## How to complete this task
Leave the images out. Give every line below again, precisely.

## Exercise materials
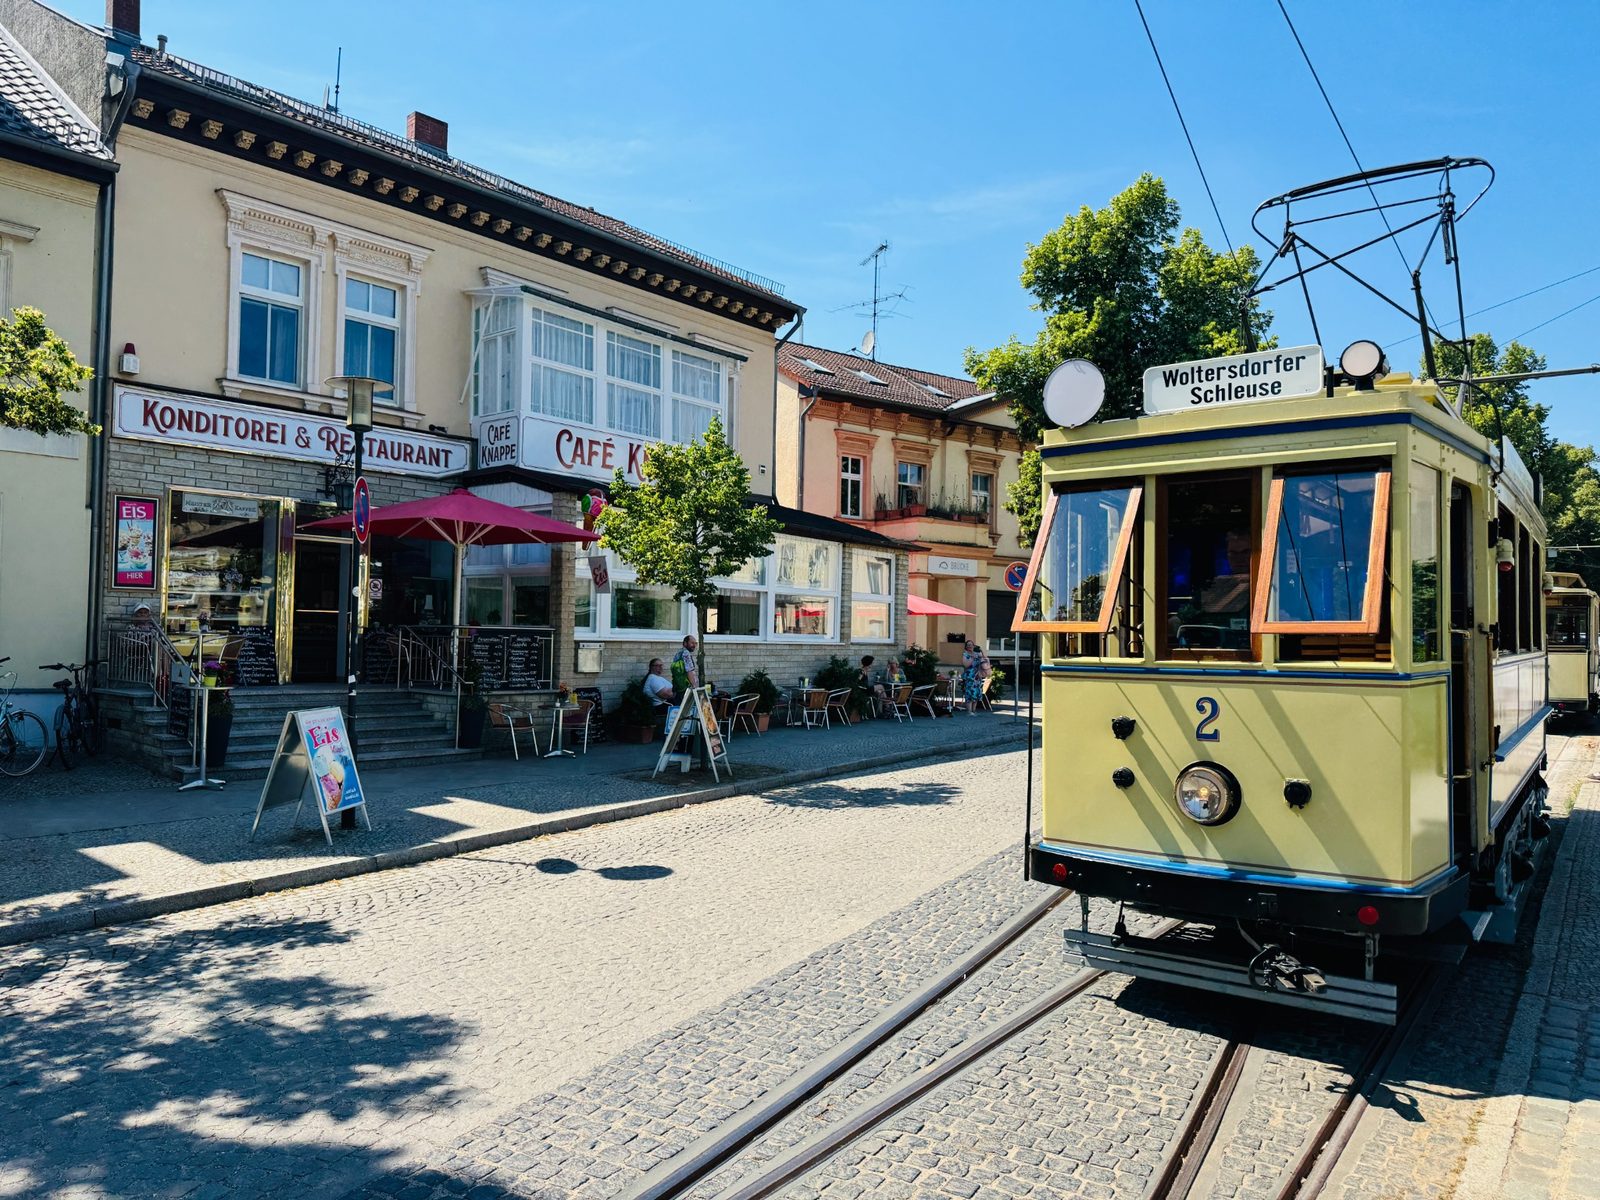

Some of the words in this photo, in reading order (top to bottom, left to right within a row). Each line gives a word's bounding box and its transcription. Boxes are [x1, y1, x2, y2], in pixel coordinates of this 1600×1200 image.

[1162, 354, 1306, 388] Woltersdorfer
[1190, 380, 1282, 405] Schleuse
[142, 399, 287, 446] KONDITOREI
[295, 426, 311, 449] &
[317, 426, 454, 469] RETAURANT
[487, 421, 511, 446] CAFÉ
[481, 443, 517, 467] KNAPPE
[555, 428, 616, 470] CAFÉ
[122, 506, 147, 519] EIS
[126, 572, 144, 580] HIER
[1195, 696, 1221, 743] 2
[308, 726, 340, 749] Eis
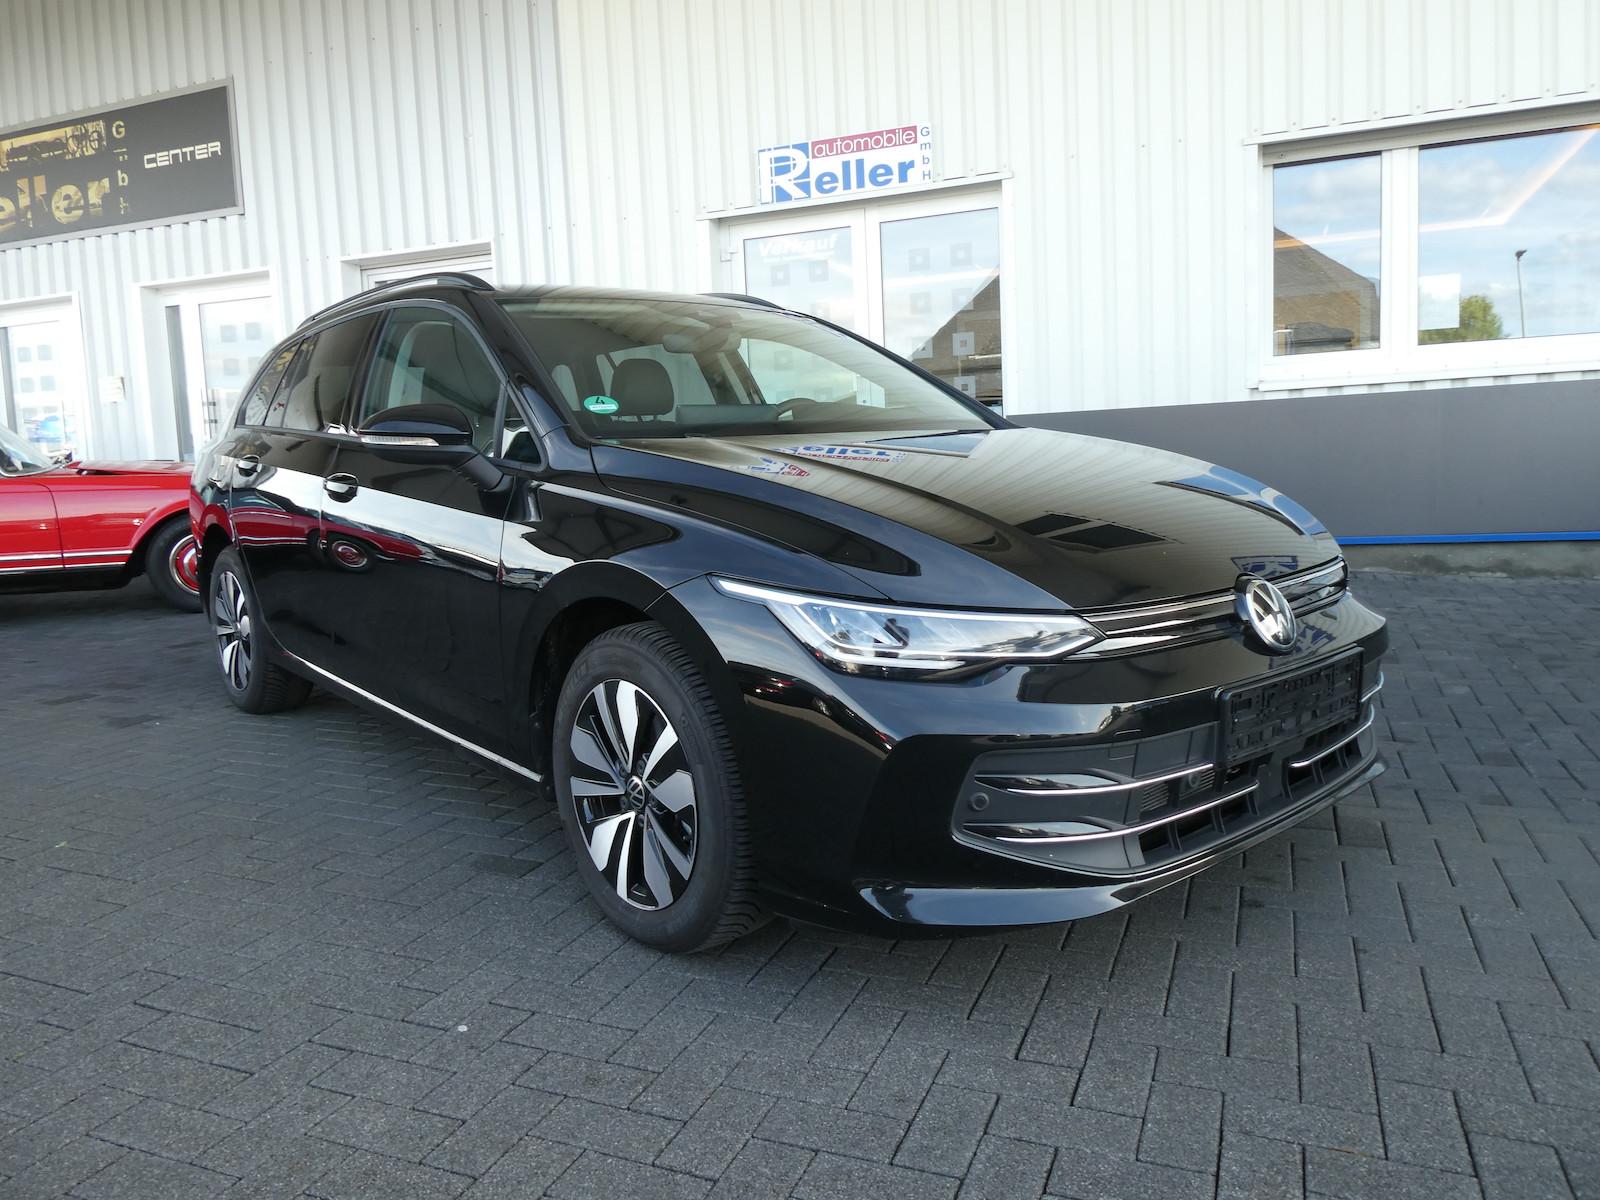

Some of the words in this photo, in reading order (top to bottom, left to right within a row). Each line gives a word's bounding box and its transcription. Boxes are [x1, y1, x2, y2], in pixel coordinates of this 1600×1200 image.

## Result of the task
Some of the words in this photo, in reading order (top to bottom, left to right within a row). Each line gives a word's bounding box and its transcription. Boxes are [x1, y1, x2, y2], in pixel coordinates of this 1600×1200 image.

[1162, 354, 1306, 388] Woltersdorfer
[1190, 380, 1282, 405] Schleuse
[142, 399, 287, 446] KONDITOREI
[295, 426, 311, 449] &
[317, 426, 454, 469] RETAURANT
[487, 421, 511, 446] CAFÉ
[481, 443, 517, 467] KNAPPE
[555, 428, 616, 470] CAFÉ
[122, 506, 147, 519] EIS
[126, 572, 144, 580] HIER
[1195, 696, 1221, 743] 2
[308, 726, 340, 749] Eis

Some of the words in this photo, in reading order (top to bottom, left to right within a row). Each line gives a word's bounding box and its transcription. Boxes are [x1, y1, x2, y2], in pixel coordinates of this 1600×1200 image.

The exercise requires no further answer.